Cooling pads and cooling mats for dogs are perfect for keeping your dog cool on hot summer days. Cooling mats can be placed in a crate, on a couch, on a carpet, or on a dog bed. There are several options to consider when looking for the best cooling mats for dogs.


And as prevention is often better than cure, it is also necessary to take steps to reduce the chances of hemorrhoids and other related conditions in your dog.

Increase your dog's fiber intake anytime you notice it straining to poop, and ensure it always has clean water available.

Regularly exercise your dog to promote better digestion and healthy weight and treat any underlying conditions like parasite infections, digestive issues, anal sac disease, and anal tumors to decrease the chances of hemorrhoids further.

Veterinary Costs

The cost of veterinary care is relatively low for dogs and cats whose anal glands have never been infected or abscessed. They usually cost less than $50 per visit.

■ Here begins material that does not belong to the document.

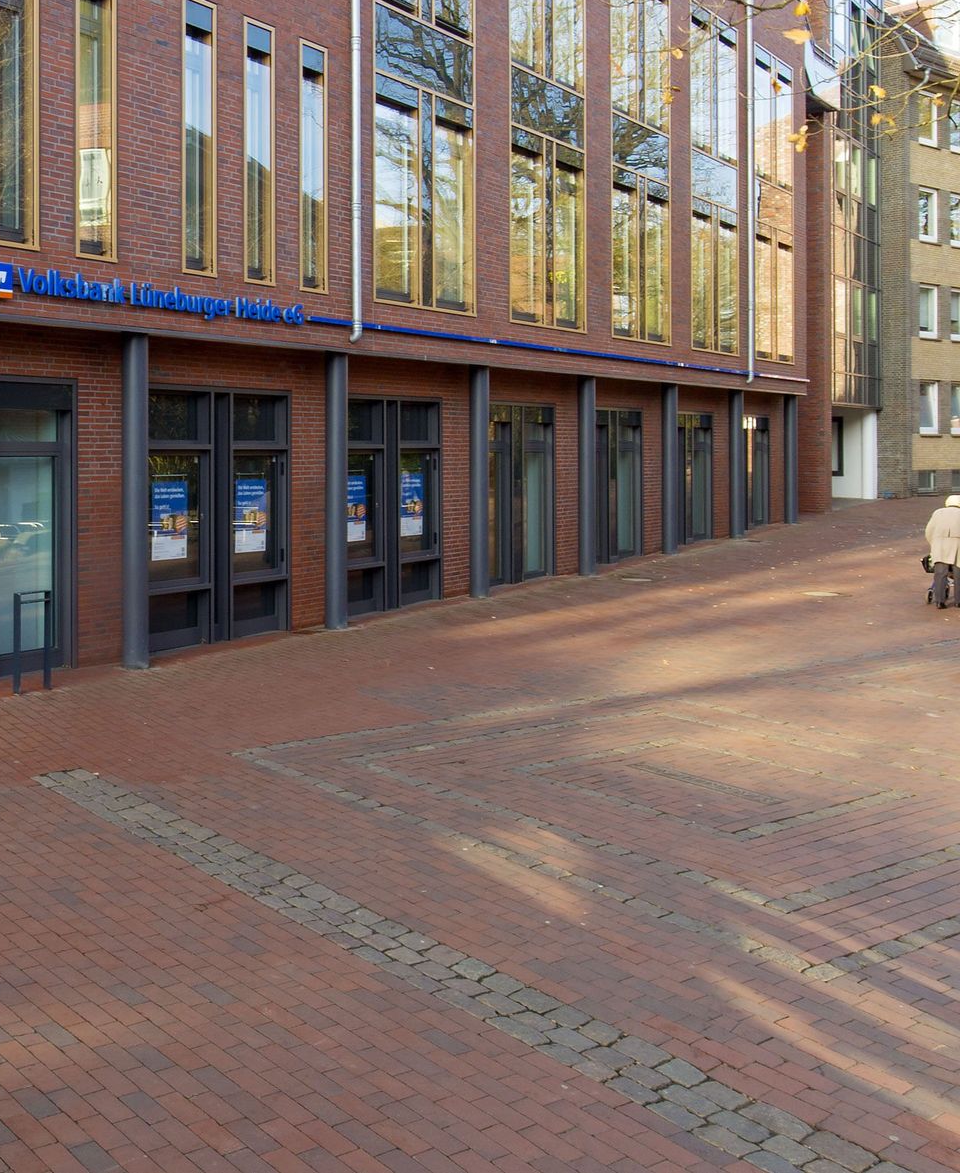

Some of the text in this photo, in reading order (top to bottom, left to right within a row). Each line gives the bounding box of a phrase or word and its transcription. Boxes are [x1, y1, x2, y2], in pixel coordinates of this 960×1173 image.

[18, 267, 305, 325] Volksbank Lüneburger Heide eG

Costs for infected or abscessed glands are much higher because infected glands require frequent medications in the hospital. Abscessed glands usually require surgical procedures costing anywhere from $100 to $1,000 per visit.

If anal sac removal is required, a high level of veterinary care is needed. That usually ranges from $750 to $2,500, depending on the geographic area. It is best to prepare your pet with pet recovery suits after surgery to avoid your pet licking the wound.

How Are Hemorrhoids Different In Dogs and Humans?

Despite being mammals that often suffer from similar conditions, there are still many differences between human and dog hemorrhoids. The main ones are:

  • 1.Caused by intestinal disease: The primary cause of hemorrhoids is different in dogs and humans. Humans typically get hemorrhoids due to poor diet or chronic dehydration, making it harder to pass stool, resulting in straining. While hemorrhoids in dogs are most often caused by intestinal disease and inflammation.
  • 2.Harder to detect: Hemorrhoids in humans appear as red or discolored bumps when visible and are easily self-diagnosable due to their characteristic appearance. Hemorrhoids in dogs look similar but are more challenging to detect due to other surrounding structures.
  • 3.Trickier to treat: Treatment of hemorrhoids also differs in dogs and humans. Hemorrhoids in dogs can be trickier to treat, as certain highly effective treatments like compressing severely swollen veins with rubber bands for quick shrinking are unsuitable for dogs.

Final Thoughts

The answer to the long-asked question ‘Can a dog get piles/hemorrhoids?’ is likely a yes, but that doesn’t mean you should jump to conclusions. Dog piles are rare, and it is much more likely that your dog is suffering from some other similar problem.

If you are sure your dog is suffering from hemorrhoids, you can treat it at home with some easy, readily available remedies or take it to the vet if you believe the situation is serious.

You can also diagnose the root cause of the disease and prevent or drastically reduce its chances by staying alert and implementing preventive measures.